You can improve the performance of your GPU by doing your calculations in single precision instead of double precision. In CPU computations, on the other hand, you do not get this improvement when switching from double to single precision. The reason is that most GPU cards are designed for graphic display, demanding high single precision performance.

Typical examples of calculations suitable for single-precision computation on the GPU include image processing and machine learning, see e.g. https://www.mathworks.com/content/dam/mathworks/tag-team/Objects/d/Deep_Learning_in_Cloud_Whitepaper.pdf. However, other types of calculations, such as linear algebra problems, typically require double precision processing.

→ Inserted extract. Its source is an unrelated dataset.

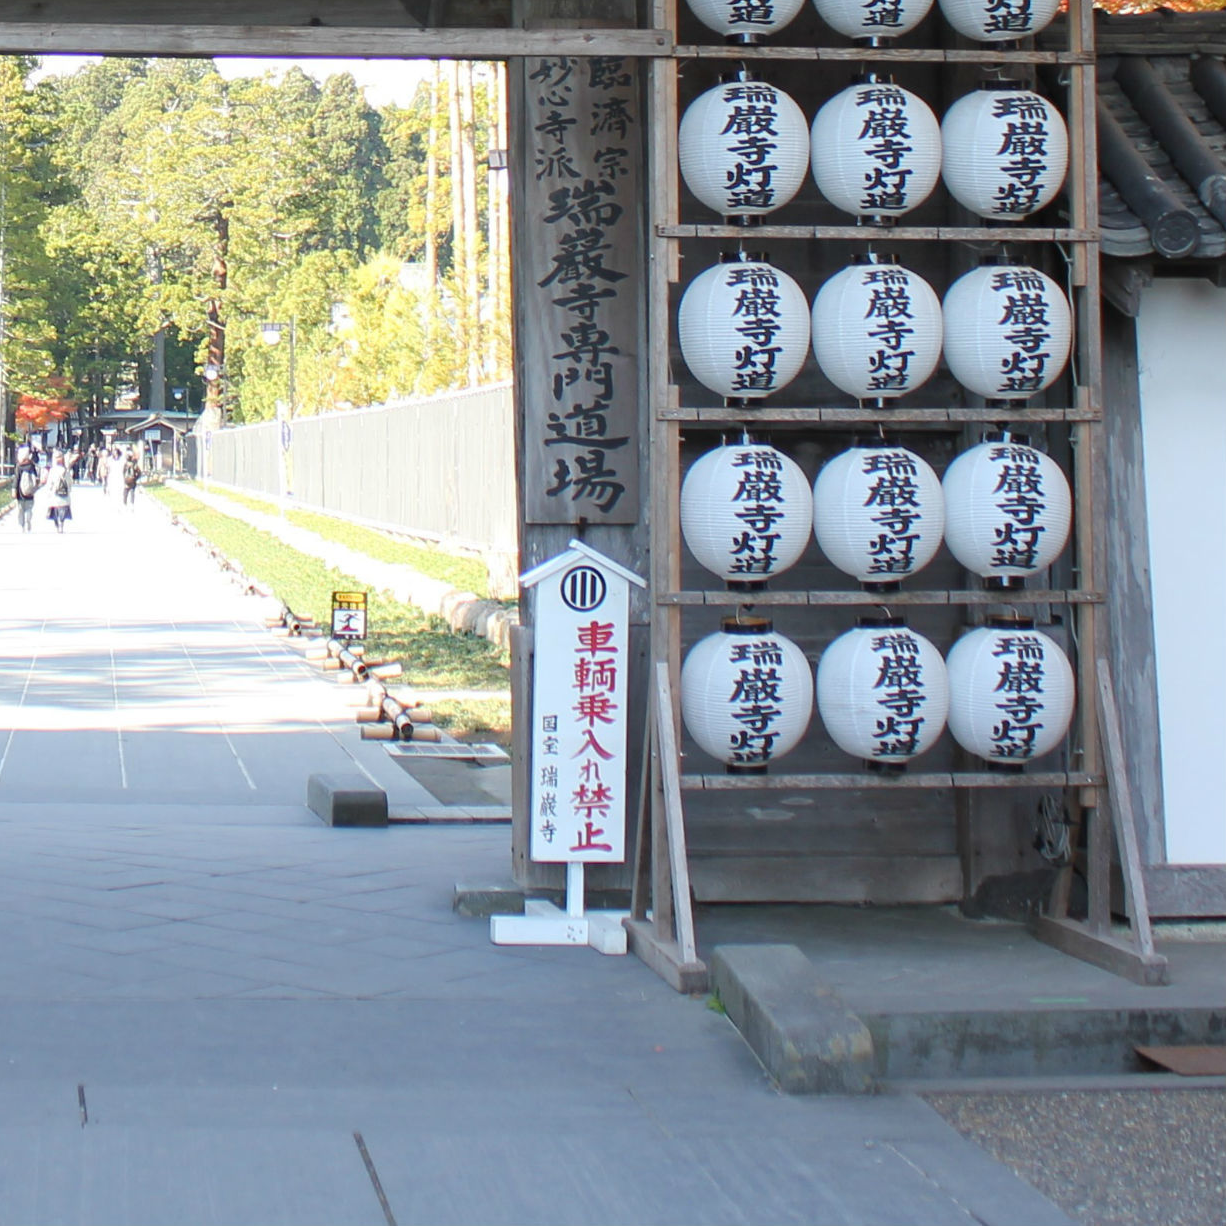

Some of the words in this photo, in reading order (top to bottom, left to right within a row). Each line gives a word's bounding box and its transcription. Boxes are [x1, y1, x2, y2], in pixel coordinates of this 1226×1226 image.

[528, 55, 582, 181] 妙心寺派
[542, 714, 558, 756] 国宝
[569, 620, 618, 852] 車輌乗入れ禁止

You can get a performance improvement of up to a factor of 50 for single compared
to double precision calculations, depending on the GPU card and total number of
cores. High end compute cards typically show a smaller improvement. You can
determine the performance improvement of your particular GPU by using
`gpuBench`

, see https://www.mathworks.com/matlabcentral/fileexchange/34080-gpubench.

For a comprehensive performance overview of NVIDIA^{®} GPU cards, see https://en.wikipedia.org/wiki/List_of_Nvidia_graphics_processing_units. You can calculate the performance improvement factor between single precision
and double precision as follows:

Find the GPU on the wiki page above.

Get the stated single and double precision performance values from the table. If there is no double precision GFLOPS value, assume the ratio is 24‐32x slower for double precision.

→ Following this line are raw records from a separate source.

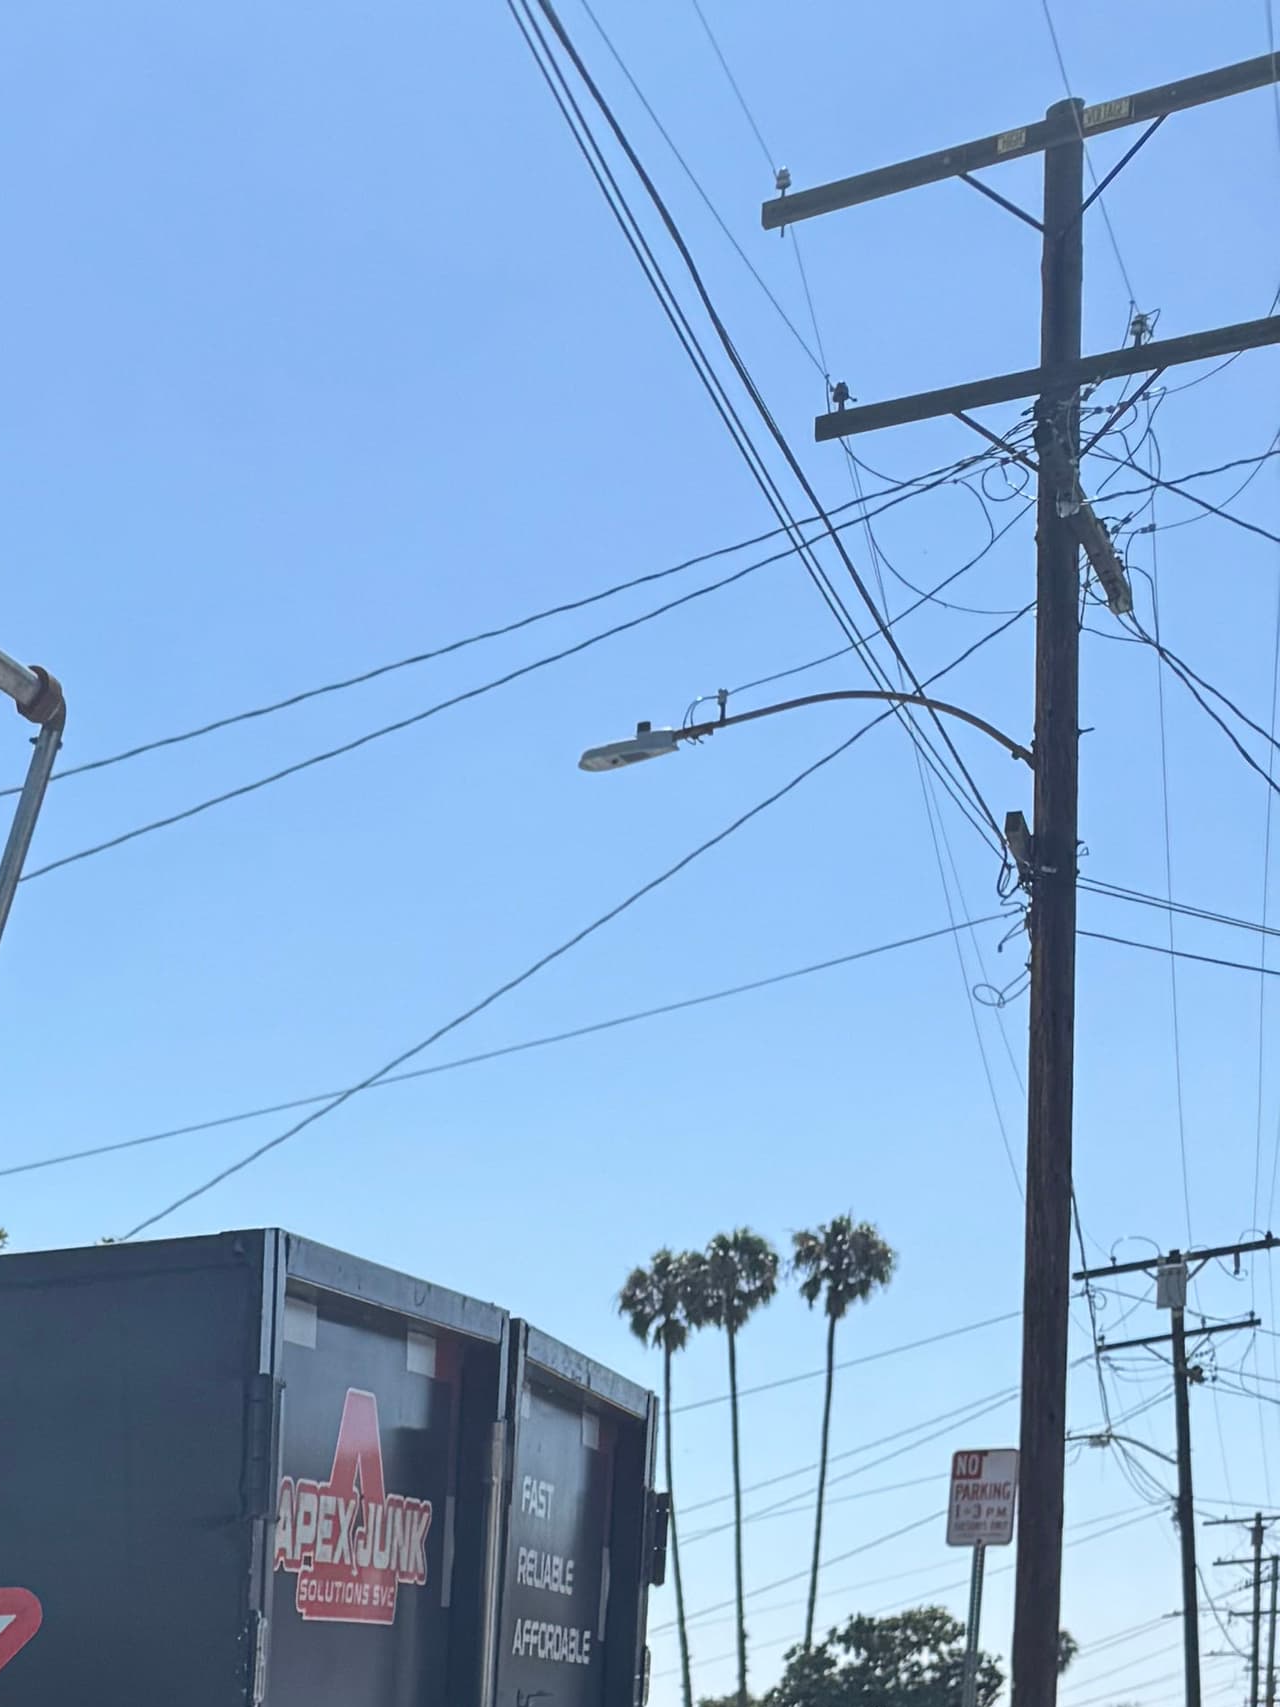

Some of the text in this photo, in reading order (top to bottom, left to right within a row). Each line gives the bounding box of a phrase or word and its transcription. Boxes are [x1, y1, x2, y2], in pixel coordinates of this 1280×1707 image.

[956, 1454, 980, 1476] NO
[521, 1475, 554, 1520] FAST
[954, 1482, 1011, 1502] PARKING
[274, 1490, 430, 1574] APEX JUNK
[299, 1579, 394, 1608] SOLUTIONS SVC
[517, 1547, 574, 1595] RELIABLE
[512, 1618, 591, 1665] AFFORDABLE

Divide the stated single precision GFLOPS value by the double precision GFLOPS value.

**Note**

If you have a mobile graphics card in your laptop, you can use this card for GPU computing. However, the laptop GPU is likely to be much less powerful than the desktop machine equivalent and so performance is reduced.

The purpose of GPU computing in MATLAB is to speed up your applications. This topic discusses fundamental
concepts and practices that can help you achieve better performance on the GPU, such
as the configuration of the GPU hardware and best practices within your code. It
discusses the trade-off between implementation difficulty and performance, and
describes the criteria you might use to choose between using gpuArray functions,
`arrayfun`

, MEX-files, or CUDA kernels. Finally, it describes
how to accurately measure performance on the GPU.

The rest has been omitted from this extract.